(Stored entries)
***

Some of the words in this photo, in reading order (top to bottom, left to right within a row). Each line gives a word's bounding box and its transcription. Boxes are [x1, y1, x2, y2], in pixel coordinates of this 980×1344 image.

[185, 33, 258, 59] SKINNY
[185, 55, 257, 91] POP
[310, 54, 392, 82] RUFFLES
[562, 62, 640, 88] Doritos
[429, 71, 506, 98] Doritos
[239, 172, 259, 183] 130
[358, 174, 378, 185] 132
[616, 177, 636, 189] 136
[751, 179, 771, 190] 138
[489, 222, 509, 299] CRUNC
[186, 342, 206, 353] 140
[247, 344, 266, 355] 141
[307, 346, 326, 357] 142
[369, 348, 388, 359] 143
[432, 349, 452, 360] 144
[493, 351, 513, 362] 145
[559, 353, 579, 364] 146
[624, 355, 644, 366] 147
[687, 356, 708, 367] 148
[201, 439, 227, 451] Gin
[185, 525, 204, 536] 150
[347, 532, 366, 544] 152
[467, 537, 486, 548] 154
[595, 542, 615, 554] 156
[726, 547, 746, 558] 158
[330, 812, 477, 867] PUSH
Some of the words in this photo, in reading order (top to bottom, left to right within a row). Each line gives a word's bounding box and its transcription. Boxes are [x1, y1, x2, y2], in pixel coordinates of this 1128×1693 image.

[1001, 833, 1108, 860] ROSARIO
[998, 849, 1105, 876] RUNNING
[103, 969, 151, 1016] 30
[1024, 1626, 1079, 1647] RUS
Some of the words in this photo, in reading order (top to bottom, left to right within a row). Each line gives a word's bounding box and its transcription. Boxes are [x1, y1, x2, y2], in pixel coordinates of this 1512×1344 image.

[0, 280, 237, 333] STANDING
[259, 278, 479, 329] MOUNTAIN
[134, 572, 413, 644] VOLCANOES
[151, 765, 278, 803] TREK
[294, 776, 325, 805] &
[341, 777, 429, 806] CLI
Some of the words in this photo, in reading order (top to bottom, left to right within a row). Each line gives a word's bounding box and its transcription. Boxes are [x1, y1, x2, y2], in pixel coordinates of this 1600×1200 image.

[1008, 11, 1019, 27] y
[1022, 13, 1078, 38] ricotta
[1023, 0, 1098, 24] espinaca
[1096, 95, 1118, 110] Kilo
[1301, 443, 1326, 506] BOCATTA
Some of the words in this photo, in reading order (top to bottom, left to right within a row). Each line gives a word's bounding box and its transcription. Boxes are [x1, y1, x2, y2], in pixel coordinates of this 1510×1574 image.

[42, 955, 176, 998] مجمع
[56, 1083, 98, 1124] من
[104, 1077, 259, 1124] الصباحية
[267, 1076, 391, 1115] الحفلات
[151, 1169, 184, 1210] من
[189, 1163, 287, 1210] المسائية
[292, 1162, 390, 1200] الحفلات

***

Your assignment =
Only the lines from the one holding "this 1510×1574 image." through the final line of the entries, both included, should be given again, word for word.

Exercise answer =
Some of the words in this photo, in reading order (top to bottom, left to right within a row). Each line gives a word's bounding box and its transcription. Boxes are [x1, y1, x2, y2], in pixel coordinates of this 1510×1574 image.

[42, 955, 176, 998] مجمع
[56, 1083, 98, 1124] من
[104, 1077, 259, 1124] الصباحية
[267, 1076, 391, 1115] الحفلات
[151, 1169, 184, 1210] من
[189, 1163, 287, 1210] المسائية
[292, 1162, 390, 1200] الحفلات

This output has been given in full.